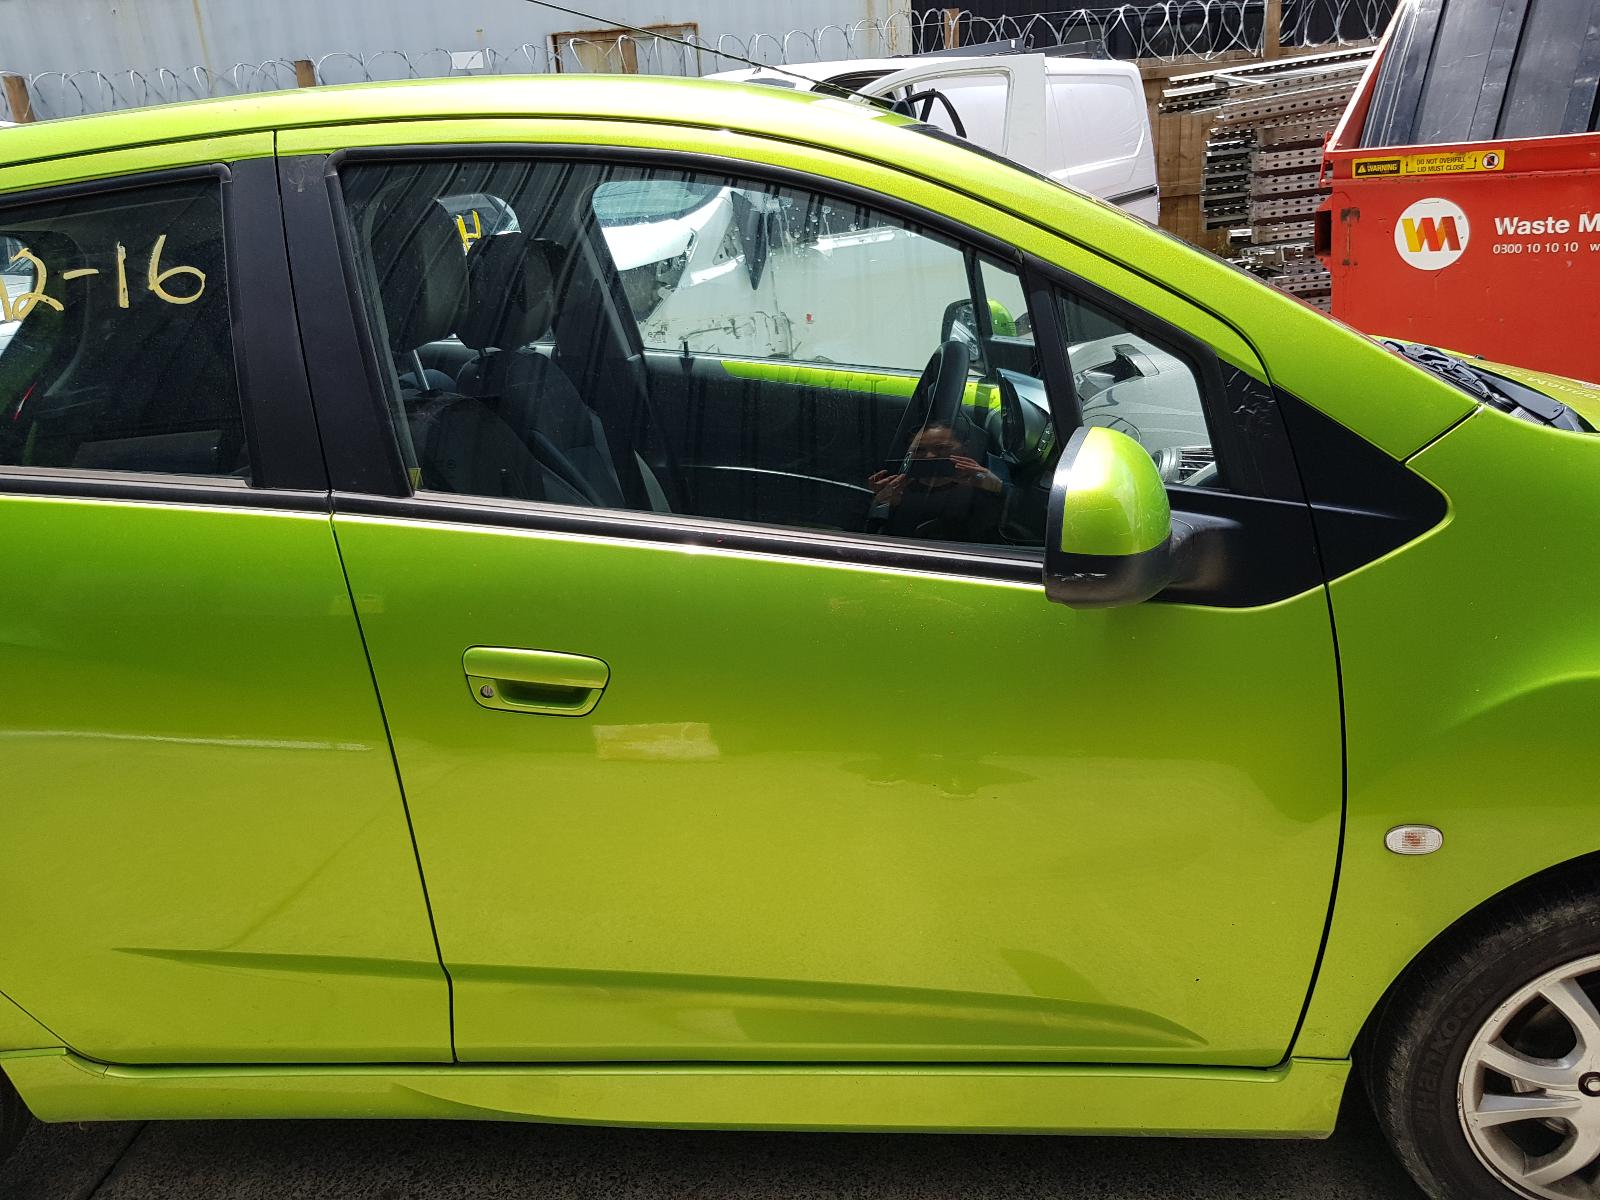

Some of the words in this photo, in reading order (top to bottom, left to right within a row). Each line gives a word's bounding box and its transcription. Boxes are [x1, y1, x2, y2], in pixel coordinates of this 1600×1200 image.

[1440, 156, 1466, 164] OVERFILL
[1366, 163, 1398, 173] WARNING
[1494, 216, 1570, 236] Waste
[1493, 243, 1522, 254] 0300
[1526, 243, 1541, 253] 10
[1545, 242, 1559, 253] 10
[1563, 241, 1579, 252] 10
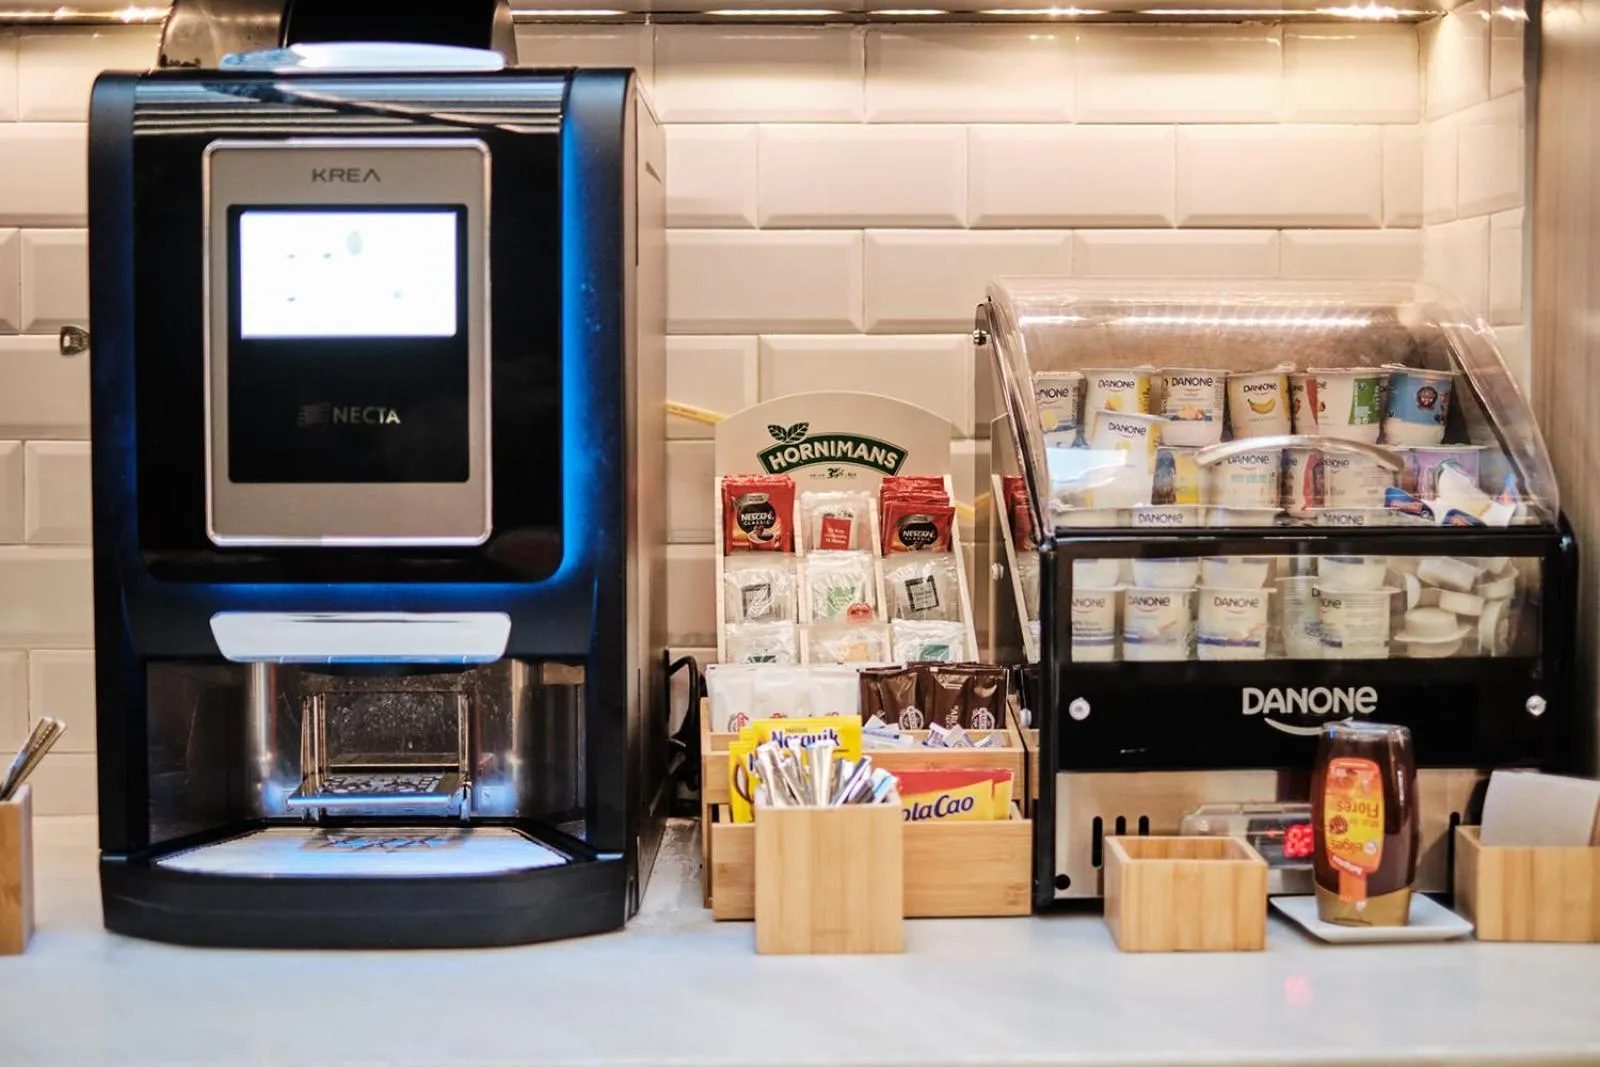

┄┄┄┄┄┄┄┄┄┄

Exercise details
Retype all entries exactly, without the images.

The completed task
Some of the words in this photo, in reading order (top to bottom, left to right within a row). Each line gives a word's bounding box and its transcription. Boxes are [x1, y1, x2, y2], in pixel coordinates of this 1600×1200 image.

[1440, 156, 1466, 164] OVERFILL
[1366, 163, 1398, 173] WARNING
[1494, 216, 1570, 236] Waste
[1493, 243, 1522, 254] 0300
[1526, 243, 1541, 253] 10
[1545, 242, 1559, 253] 10
[1563, 241, 1579, 252] 10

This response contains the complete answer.